- TASK BRIEF -
When you come to a picture, pass over it, and set down the entries below exactly.

--

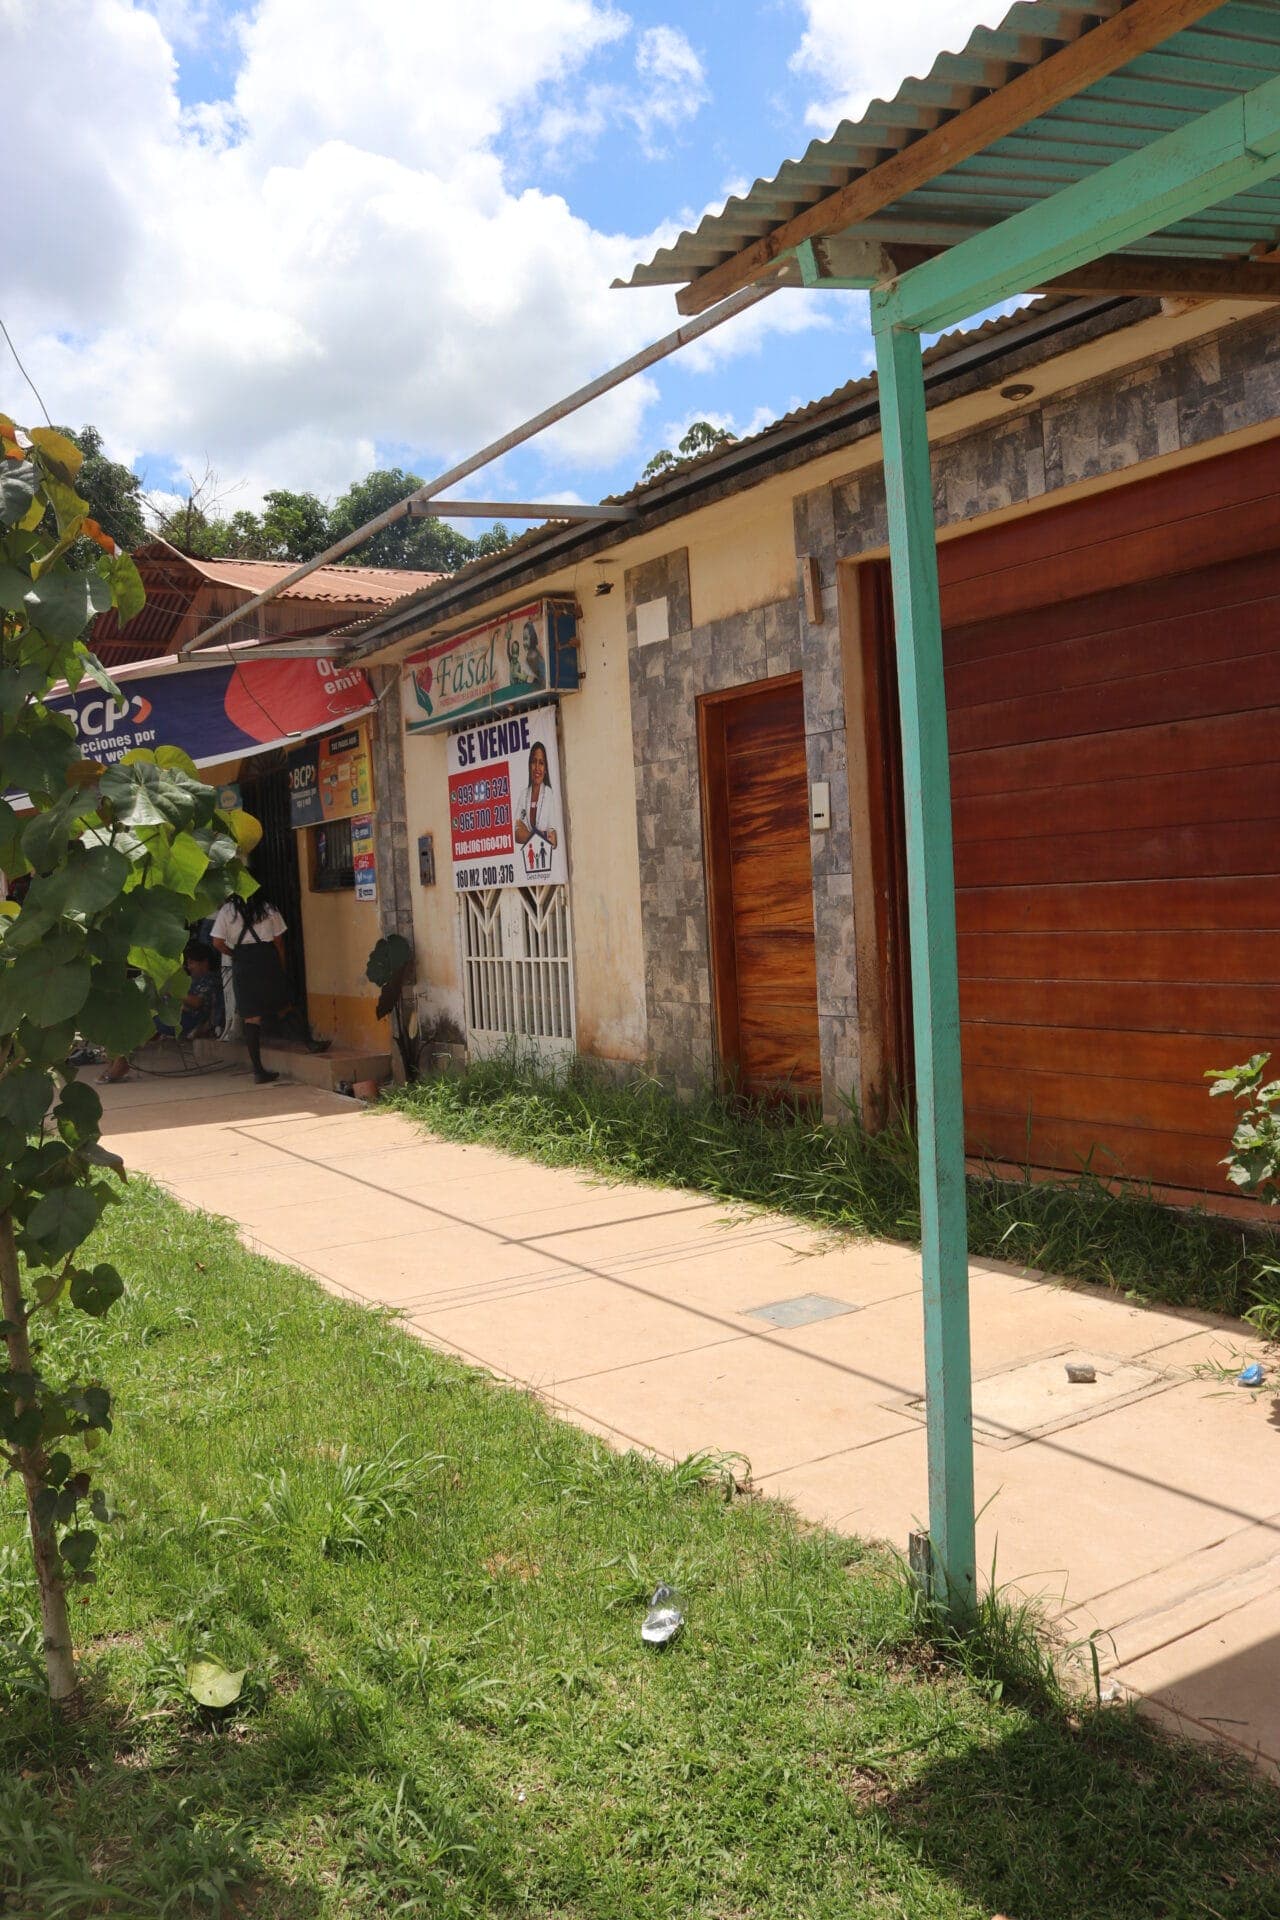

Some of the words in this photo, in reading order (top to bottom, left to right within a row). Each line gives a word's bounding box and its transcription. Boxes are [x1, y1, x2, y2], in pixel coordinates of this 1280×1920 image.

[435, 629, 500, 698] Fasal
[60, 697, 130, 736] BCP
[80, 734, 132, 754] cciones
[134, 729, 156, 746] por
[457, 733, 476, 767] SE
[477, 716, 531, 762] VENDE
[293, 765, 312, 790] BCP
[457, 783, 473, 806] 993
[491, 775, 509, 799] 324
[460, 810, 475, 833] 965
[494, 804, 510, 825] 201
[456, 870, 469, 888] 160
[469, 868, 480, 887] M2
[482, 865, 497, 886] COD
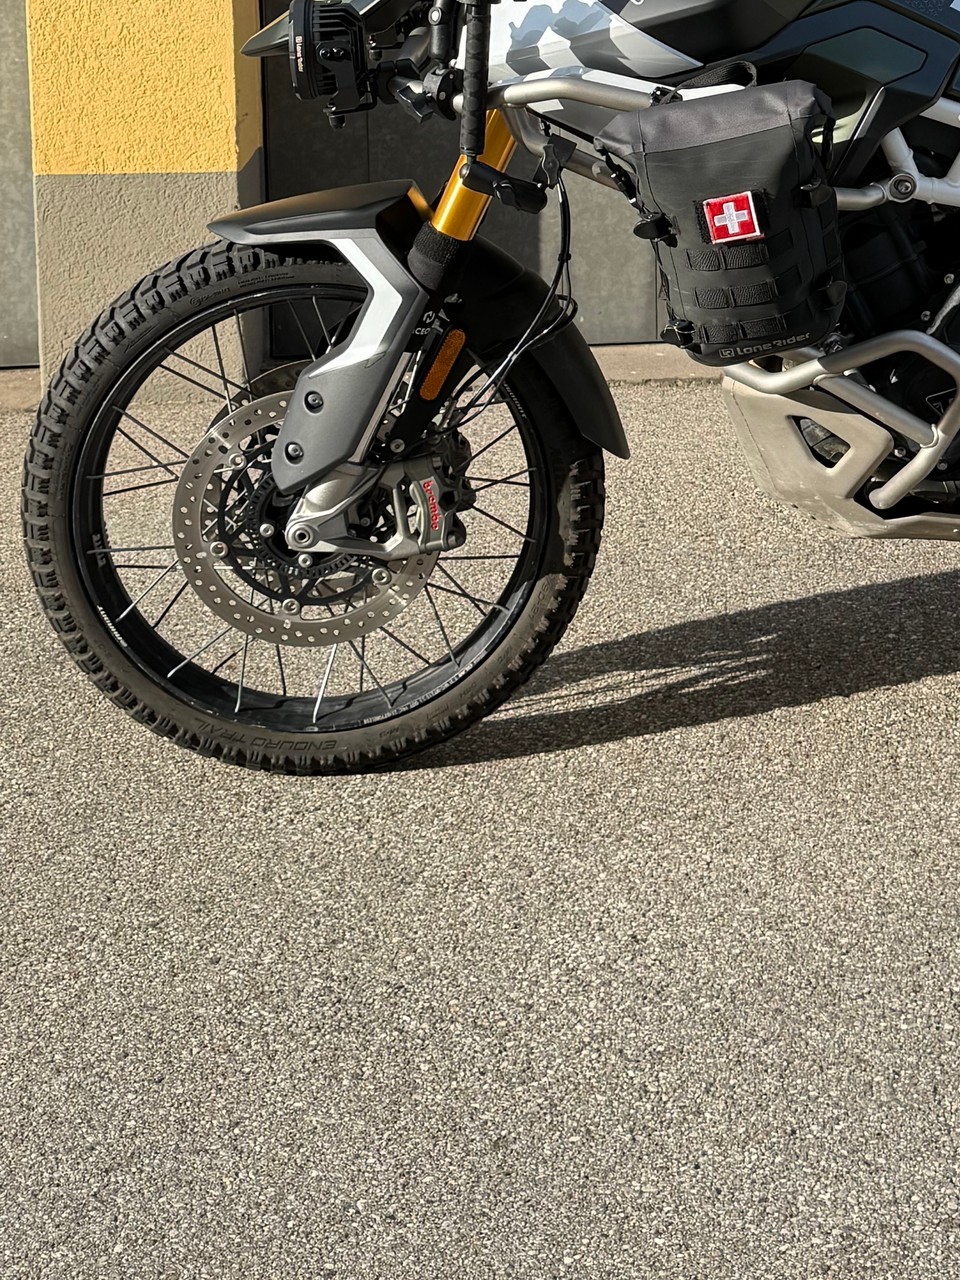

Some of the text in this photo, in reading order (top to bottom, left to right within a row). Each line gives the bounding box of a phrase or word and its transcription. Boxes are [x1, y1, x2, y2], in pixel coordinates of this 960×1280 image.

--

- COMPLETED EXERCISE -
Some of the words in this photo, in reading order (top to bottom, left to right within a row). Each line gives a word's bounding box and its transcription. Boxes are [x1, y1, x2, y2], in pixel coordinates of this 1280×1920 image.

[435, 629, 500, 698] Fasal
[60, 697, 130, 736] BCP
[80, 734, 132, 754] cciones
[134, 729, 156, 746] por
[457, 733, 476, 767] SE
[477, 716, 531, 762] VENDE
[293, 765, 312, 790] BCP
[457, 783, 473, 806] 993
[491, 775, 509, 799] 324
[460, 810, 475, 833] 965
[494, 804, 510, 825] 201
[456, 870, 469, 888] 160
[469, 868, 480, 887] M2
[482, 865, 497, 886] COD

Some of the text in this photo, in reading order (top to bottom, left to right within a row). Each line gives the bounding box of a phrase or word and its transcription. Boxes are [x1, y1, x2, y2], in pixel coordinates of this 960×1280 image.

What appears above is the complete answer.